England rugby player keeps a close eye on the ball. A story sent in by No 7 Contact Lenses

January 2016

Keeping a keen eye on the ball when you are playing at world-class level is no mean feat – but this has been made much easier for Women’s International Rugby player, Laura Keates – part of the World Champion squad.

Laura Keates Worcs LRFCLaura, who also plays regularly for Worcester Ladies RFC, is very short-sighted but has now overcome the problem of lost contact lenses on the pitch.

Preparing for the Six Nations in January, February and March, Laura is hoping to travel to not just Twickenham but also Scotland, Italy and France for matches. But her role as tight head prop means that glasses are just not an option.

The 27 year old from Rednal, Birmingham, was struggling to play with contact lenses which regularly ended up on the pitch, leaving her needing to run for replacement lenses –

“The rugby team doctor suggested that I tried Ortho-k: a method of correcting short-sightedness by wearing contact lenses at night. When I heard about the overnight correction it appealed to me so much. It seemed incredible that they would correct my vision while I sleep, leaving me free of lenses all day, but it really works, and I have 20/20 vision,” said Laura.

Laura, who is -4.50D in both eyes, went to see Geoff Wilson at the Contact Lens Practice in the middle of Birmingham, who specialises in this field of vision correction, and she was soon sleeping off her myopia.

After some very exact measurements of the shape of Laura’s cornea, taken with a topographer, the optician was able to order some bespoke lenses from specialist contact lens laboratory, No7, in Hastings which correct her vision overnight.

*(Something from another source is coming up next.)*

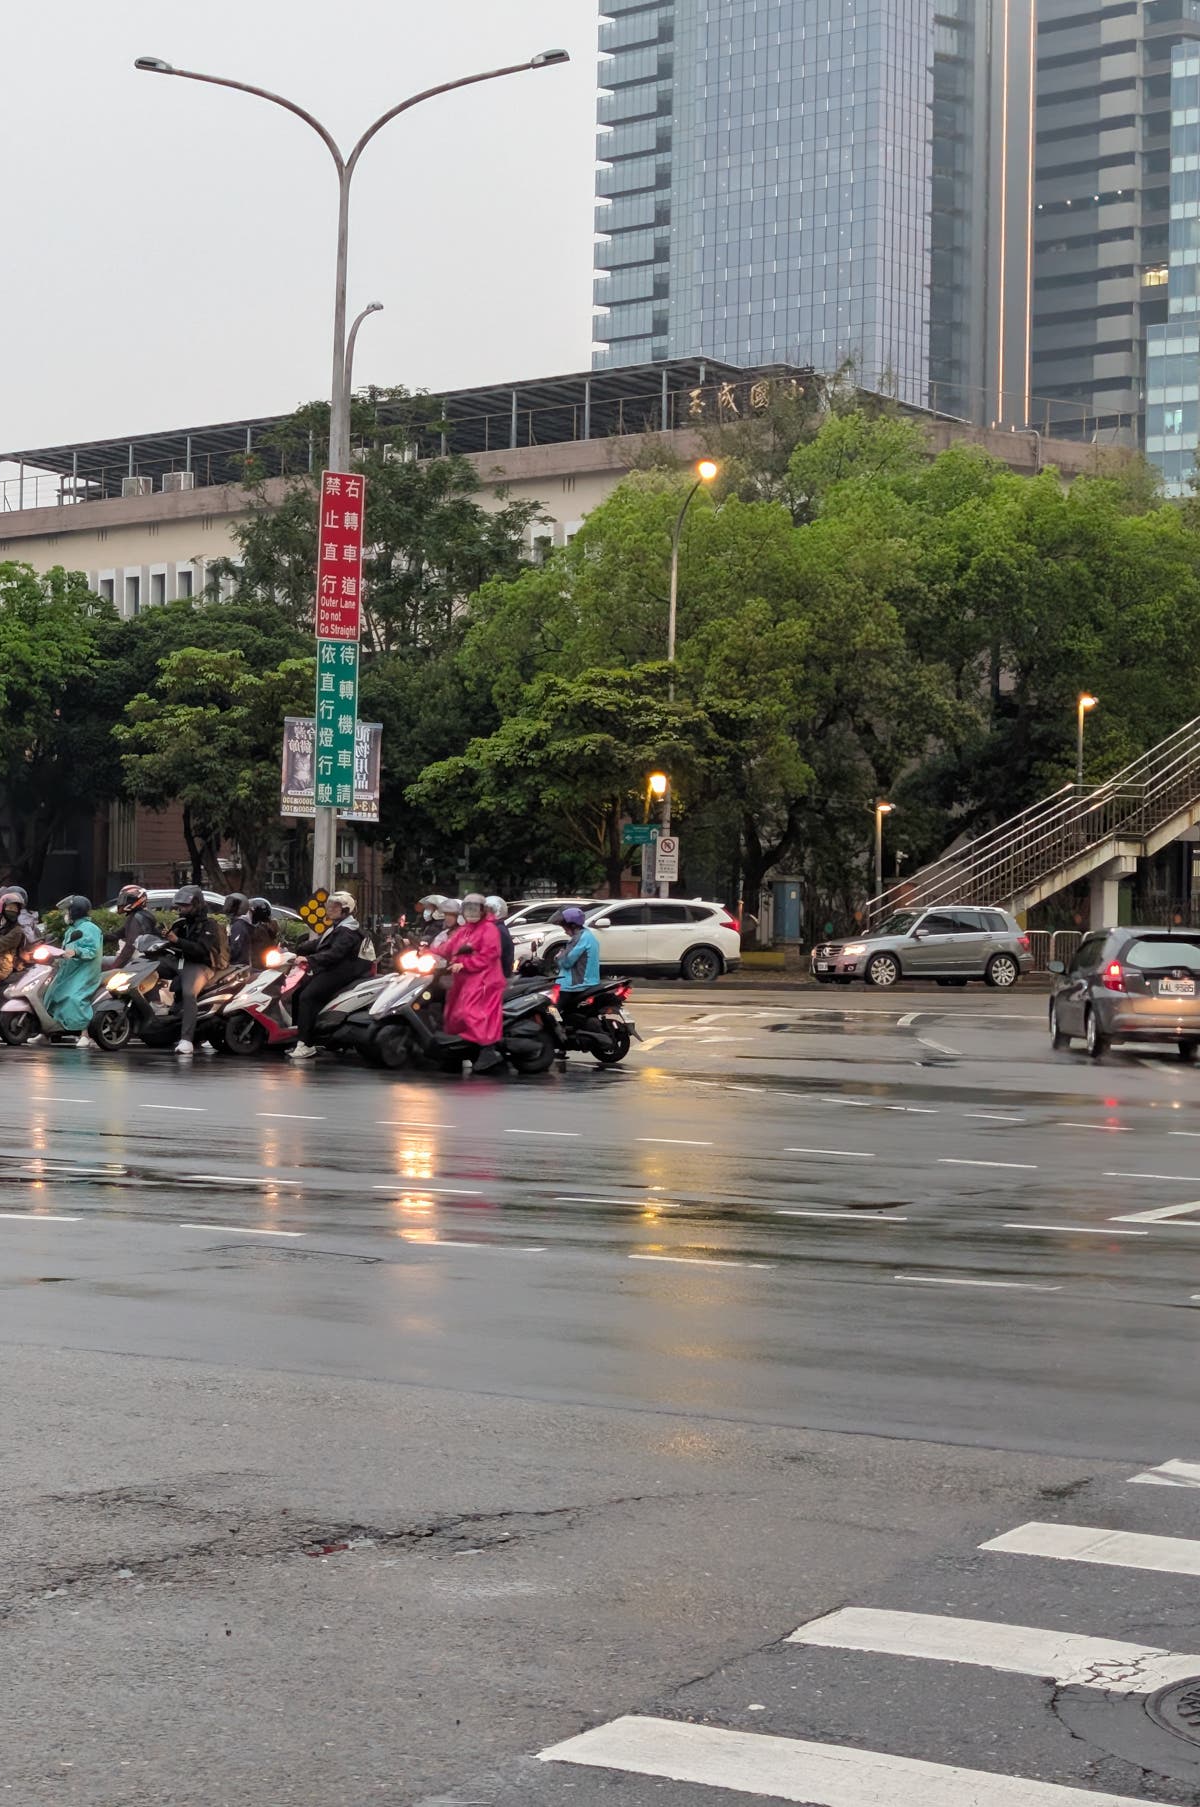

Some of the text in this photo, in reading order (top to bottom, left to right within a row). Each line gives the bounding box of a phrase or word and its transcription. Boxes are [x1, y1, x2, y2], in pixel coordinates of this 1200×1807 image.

Measuring to an accuracy of less than a micron the night time lenses gently flatten the cornea by less than a hair’s width as Laura sleeps, leaving her with good vision for the day ahead. The good news is that the lenses stay at home all day ready for the following night’s wear -

This method of vision correction suits Laura very well -
“I train early in the morning and often late in the evening so it is a long time to be wearing contact lenses. They were an inconvenience during the game too, as sometimes I could lose two lenses in a match – it could be a real pain. Now I wake up to 20/20 vision and have this all day,” she said.

Geoff explained –

“Standard contact lenses are great for many people, but some do find them problematic for sport and swimming, and people with dry eye, or who work in air conditioned offices, can sometimes only wear contact lenses for short periods of time.

“Recent international studies are showing a strong correlation between the use of Ortho-k and the successful slowing of the progression of short-sightedness in children, which is of great interest to many parents who are concerned about their youngster’s vision,” he added.